Hey comrades, I hope this doesn’t break the rules but I needed someplace to rant to sane people. I know how well threads like this go over on R*ddit. Due to some hefty psychological abuse during my childhood, I suffer from bad social anxiety. Until very recently I couldn’t even talk to strangers via phone, Discord, or Email.

It took me so long to realize that I needed help and even longer to gather the strength to seek it that I am 25 now and only started getting better slowly. I just feel like it took me too long and now recovering is meaningless. I never went to any parties or clubs because I couldn’t and I also didn’t have romantic connections.
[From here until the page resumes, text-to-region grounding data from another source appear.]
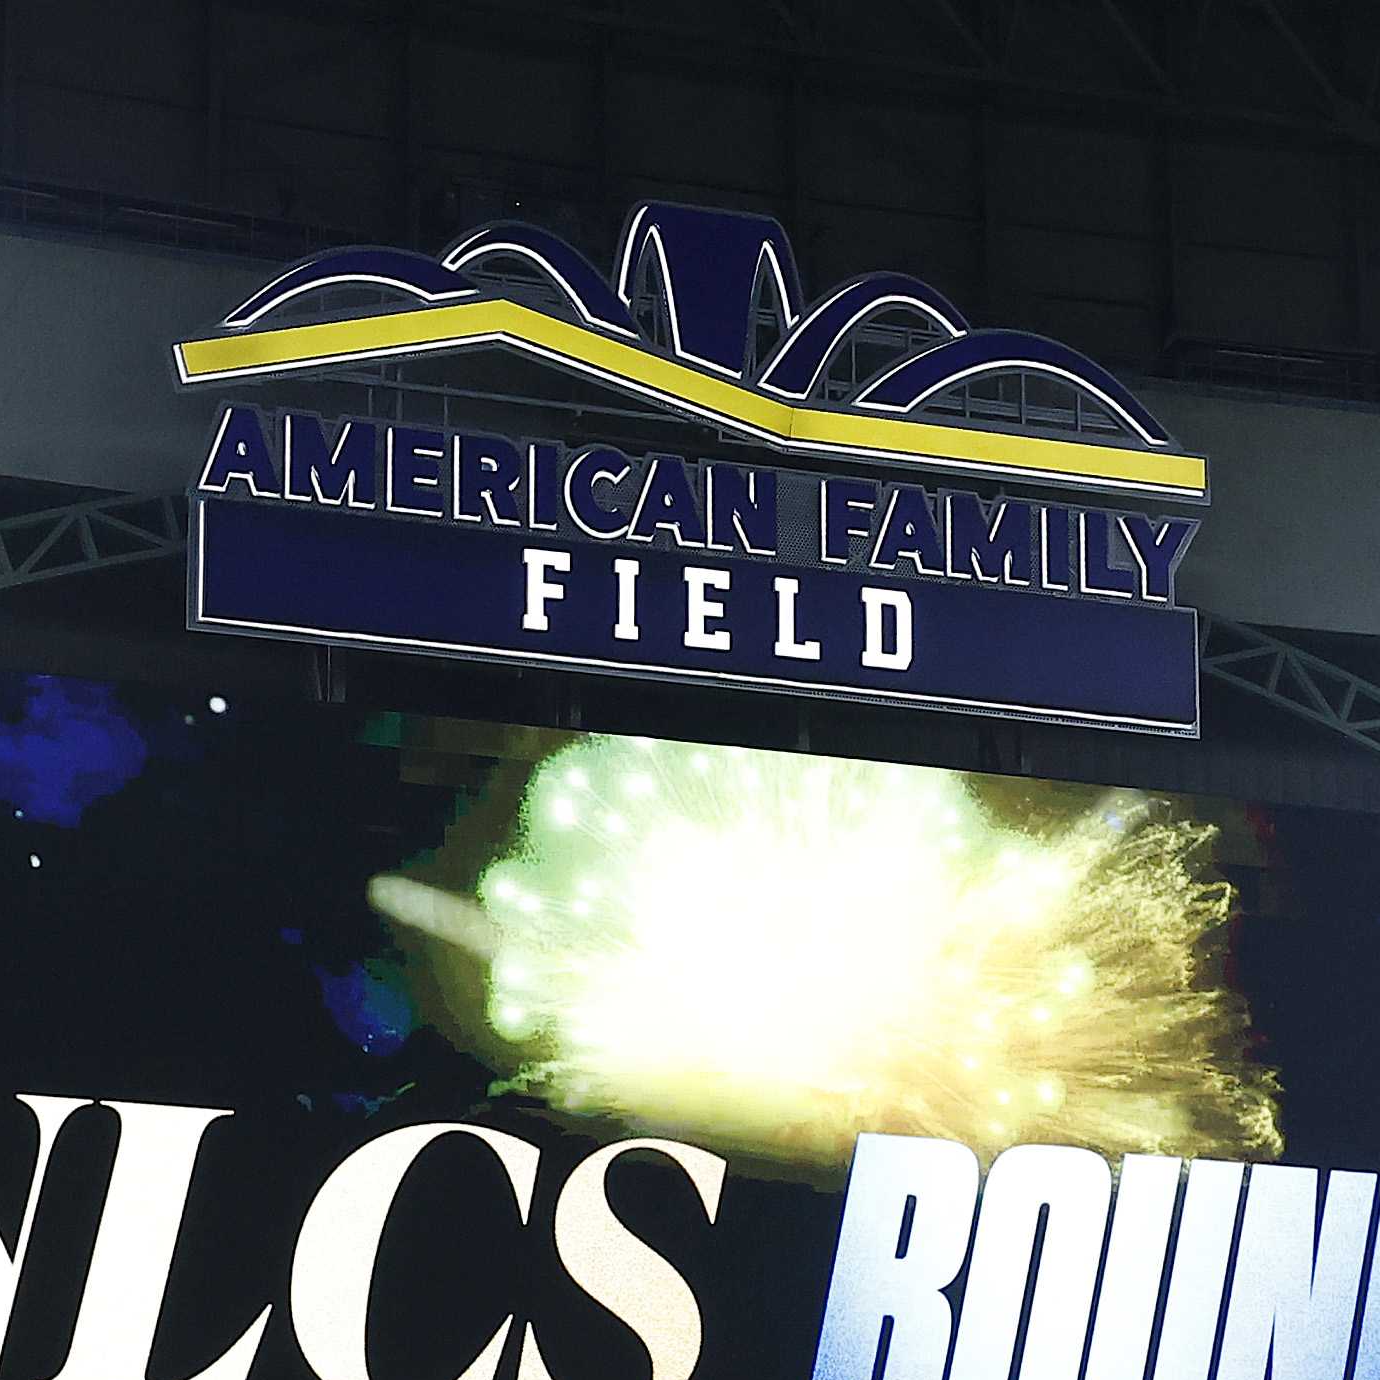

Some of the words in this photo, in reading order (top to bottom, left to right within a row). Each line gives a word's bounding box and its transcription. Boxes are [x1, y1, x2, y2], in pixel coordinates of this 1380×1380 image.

[198, 407, 777, 557] AMERICAN
[818, 478, 1197, 604] FAMILY
[521, 547, 914, 671] FIELD
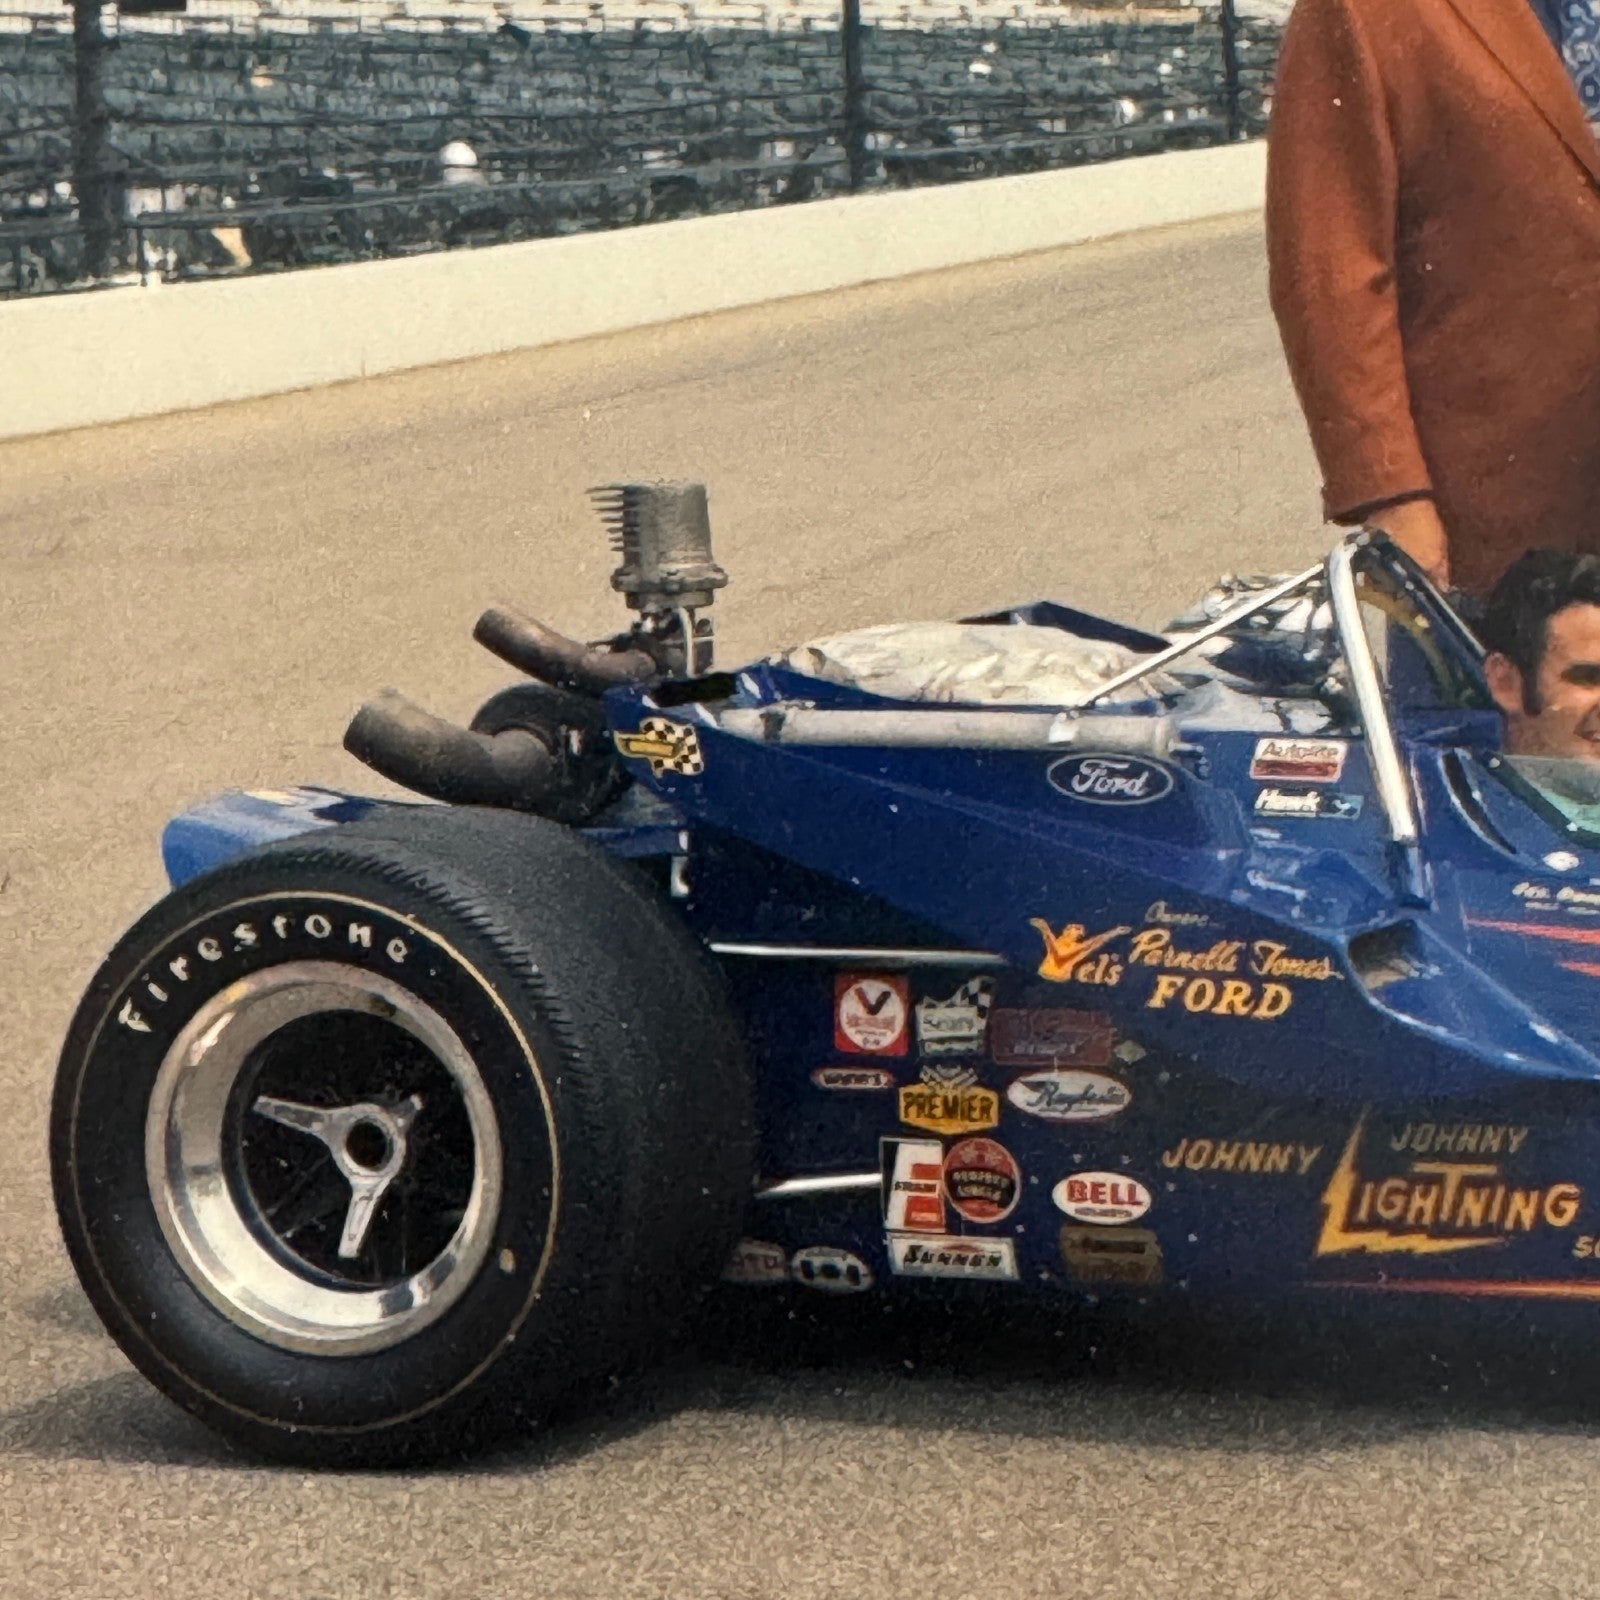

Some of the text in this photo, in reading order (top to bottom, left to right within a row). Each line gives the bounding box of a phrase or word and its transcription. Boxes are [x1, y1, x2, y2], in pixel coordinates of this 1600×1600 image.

[1071, 759, 1150, 797] Ford
[117, 913, 409, 1033] Firestone
[1145, 974, 1293, 1020] FORD
[903, 1091, 997, 1123] PREMIER
[1162, 1138, 1325, 1174] JOHNNY
[1390, 1122, 1530, 1154] JOHNNY
[1066, 1179, 1144, 1206] BELL
[1317, 1104, 1583, 1257] LIGHTNING
The thought of asking someone out terrifies me. I am completely clueless in dating matters and overcoming this seems like an impossible roadblock. It feels like I am already too old to have no clue about relationships and I will be definitely too old once I get over my fear of approaching someone. I don’t want to be alone forever. I don’t want to become some weird incel creep but I also feel like I already crossed the point of no return. And yet I feel silly for worrying about this. I know a lot of you have far greater problems in life. Me complaining about having social anxiety and being single just shows how good my life is if this is truly my biggest problem but I still can’t shake it.

Sorry that this rant is so uncoherent and leading to nothing I just had to get this out in an environment that is actually supporting and understanding.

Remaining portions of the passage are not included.